Max had been here once, and they all knew what had happened then. There was no reasoning with these people, there was no way out of this room. Certainly not by their grace, and not even by his own strength and his own wits. There was no escape, not this time.

He was alone.

His throat was raw from yelling, from the screams of pain and fury and rage that ripped from his throat every time they drew near. And his skin was covered in blood – red, always red, didn't they see that he bled just as they did? – and his hair was matted with sweat and he knew… he knew…
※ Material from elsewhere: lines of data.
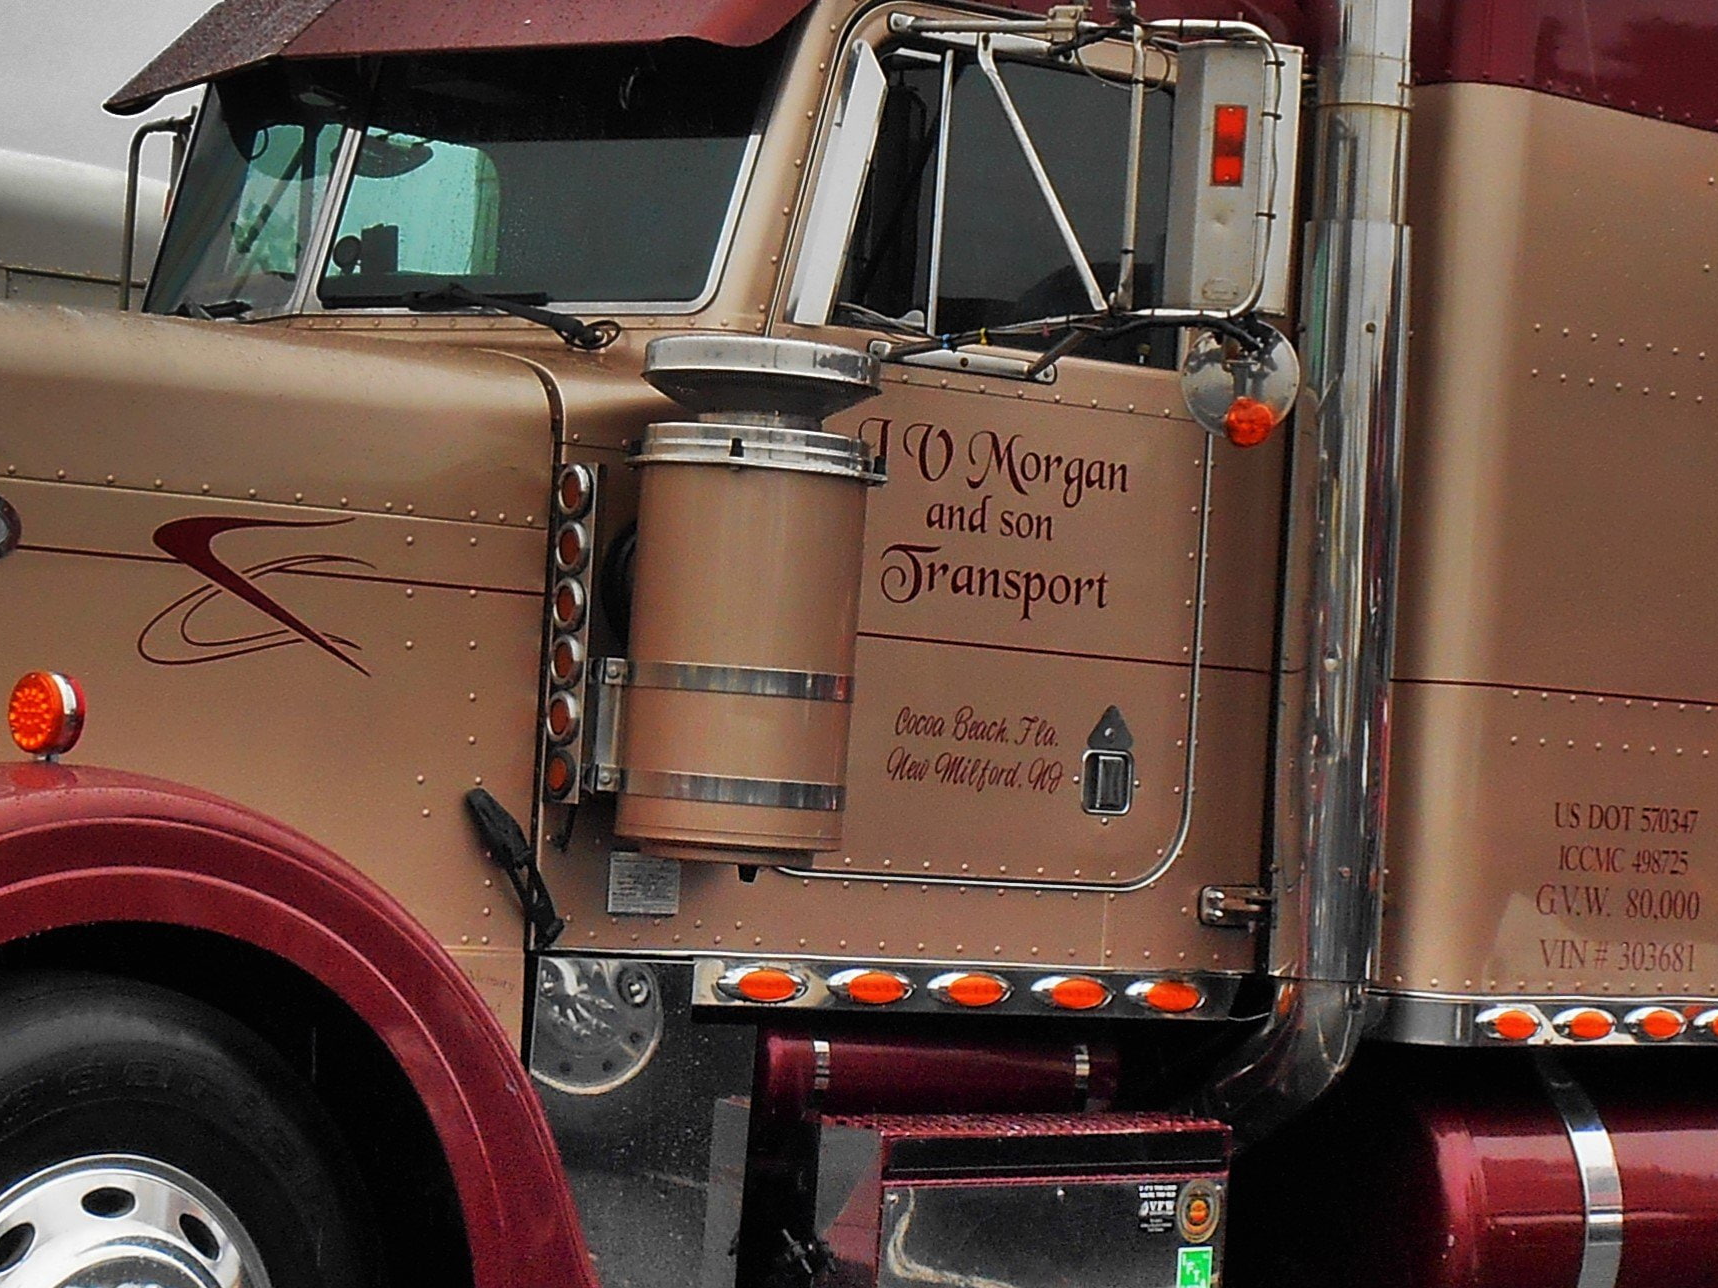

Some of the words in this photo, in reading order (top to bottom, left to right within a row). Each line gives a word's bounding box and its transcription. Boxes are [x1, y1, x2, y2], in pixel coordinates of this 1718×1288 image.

[966, 430, 1129, 509] Morgan
[926, 495, 993, 535] and
[999, 509, 1053, 541] son
[880, 543, 1110, 621] Transport
[895, 706, 945, 738] Cocoa
[886, 746, 929, 782] New
[1027, 757, 1064, 794] NJ
[1554, 802, 1581, 829] US
[1588, 803, 1634, 832] DOT
[1640, 807, 1699, 834] 570347
[1631, 849, 1689, 876] 498725
[1539, 938, 1587, 969] VIN
[1593, 940, 1609, 970] #
[1617, 941, 1695, 973] 303681
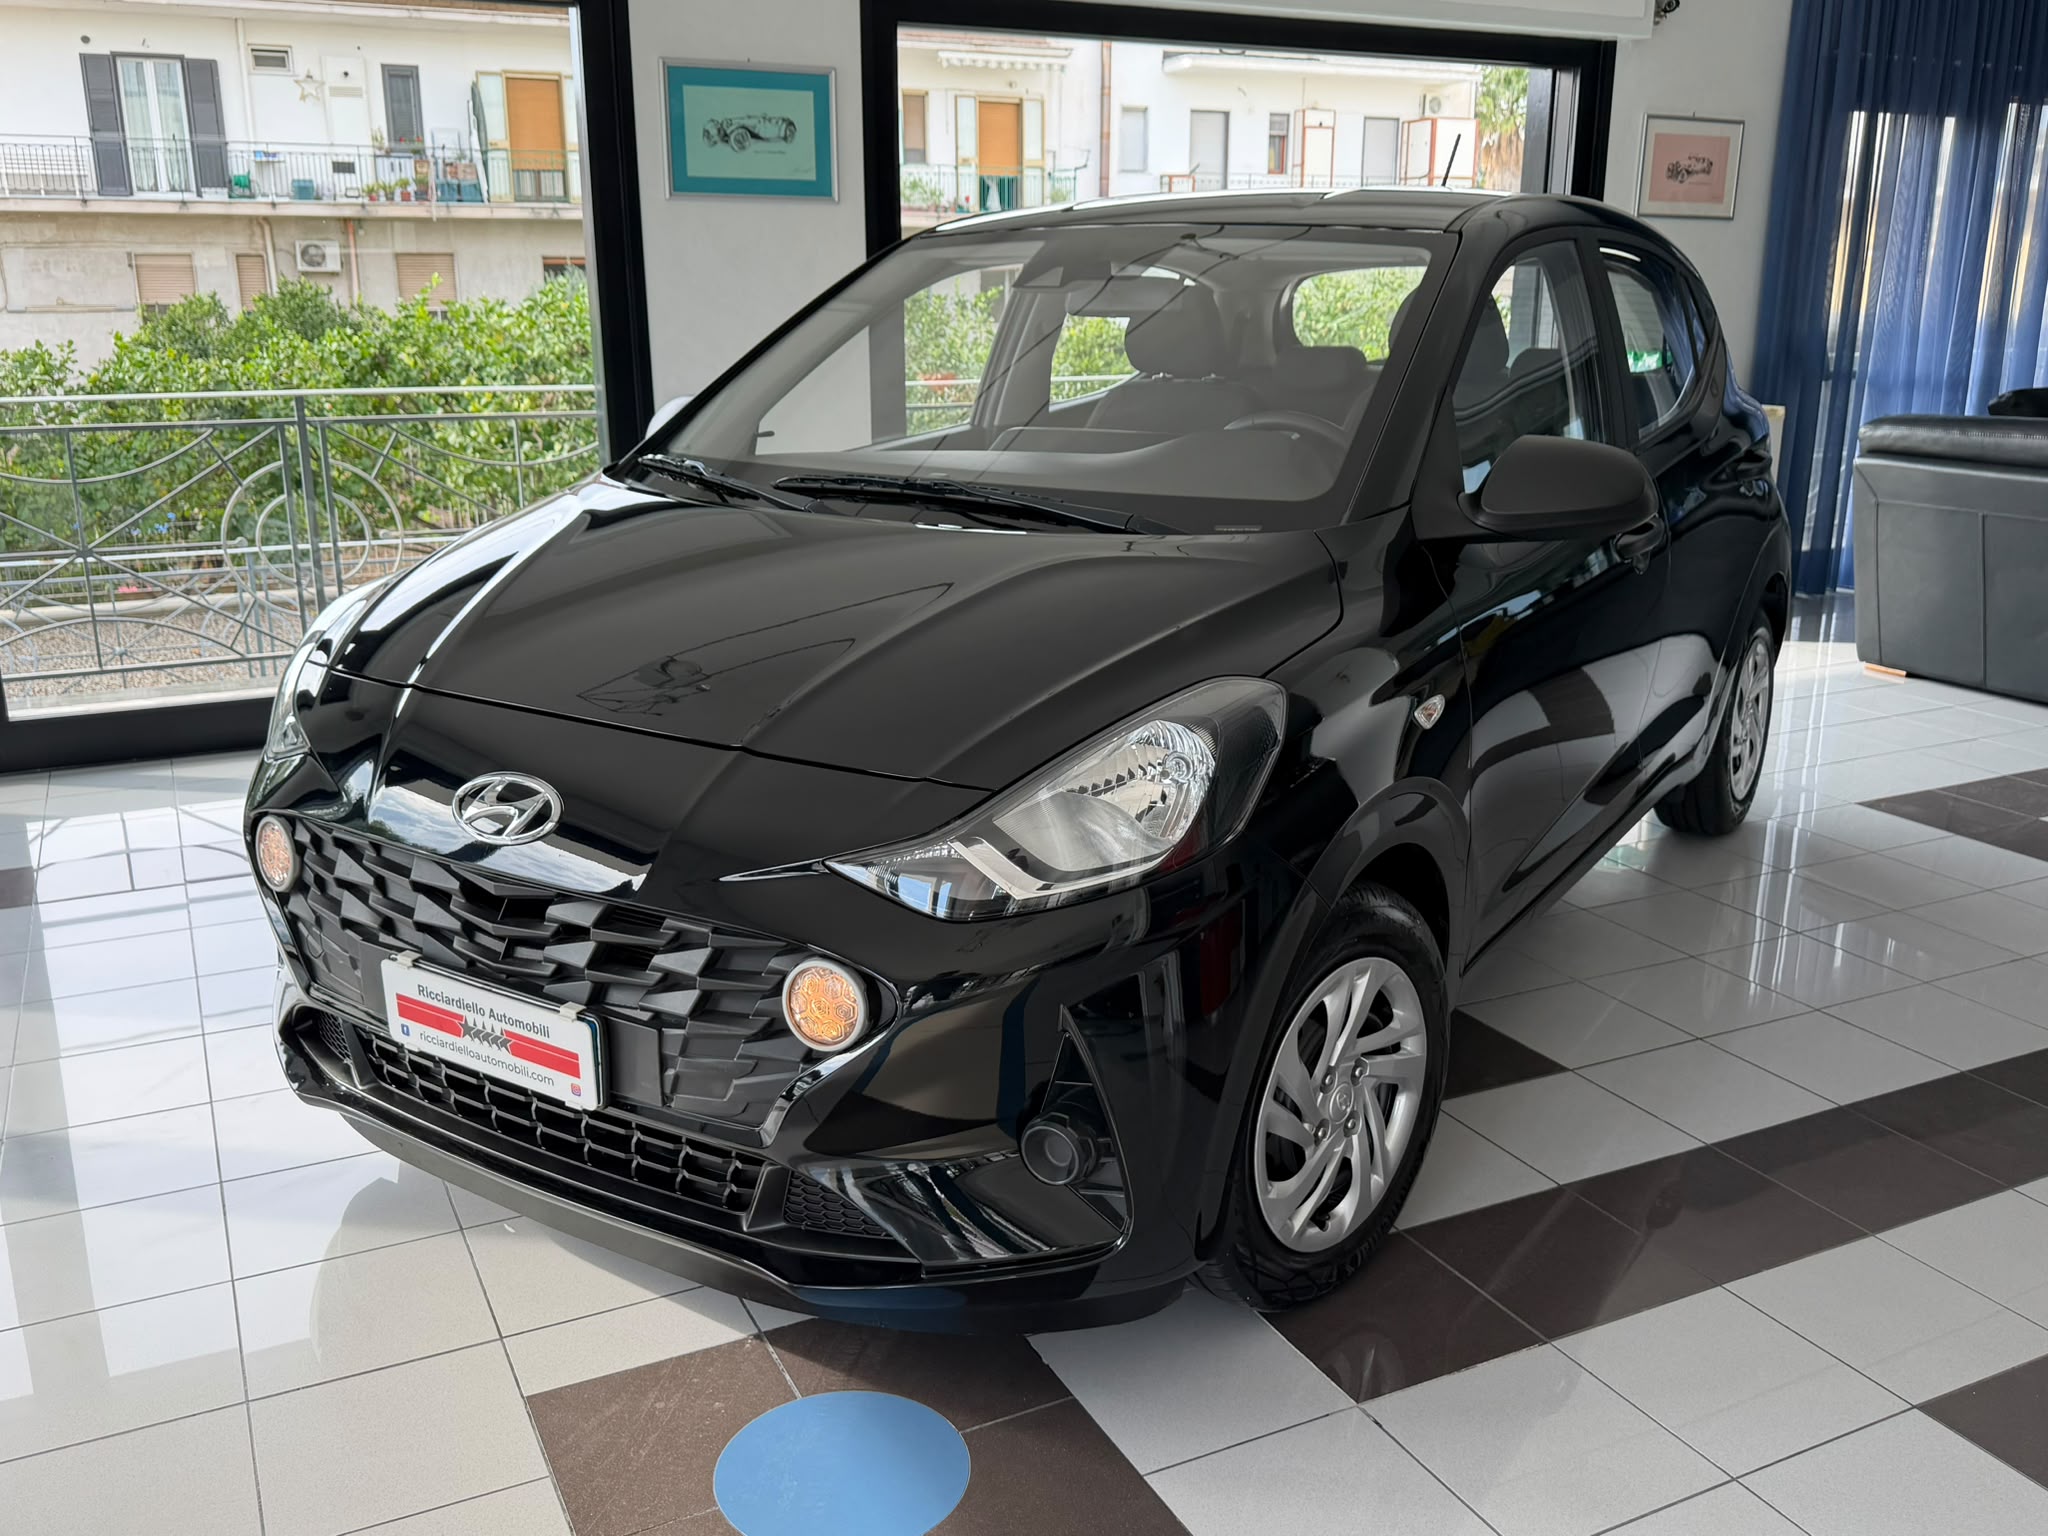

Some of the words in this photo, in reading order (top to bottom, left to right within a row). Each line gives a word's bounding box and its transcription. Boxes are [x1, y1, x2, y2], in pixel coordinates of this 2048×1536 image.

This is what the white room was. This is what the people here did. It was wrong, all wrong, and he wanted – needed – a moment to breathe, to think, to sleep.

"You'll tell us, Mr. Guerin. In the end, you'll break. But I can be patient. Time is on my side, after all."


"If the Air Force wants an alien, then why don't we just give them one?"

"What? Turn her in?"

"Yeah, then they won't be looking for an alien and they'll leave us alone."


He felt himself dragged from the room and forced open his eyes to confront the faint cream-colored walls and flesh colored hands that held him – no gloves, not now, not this time – and the reflection of his own haggard face in the pristine surface of the mahogany brown floor.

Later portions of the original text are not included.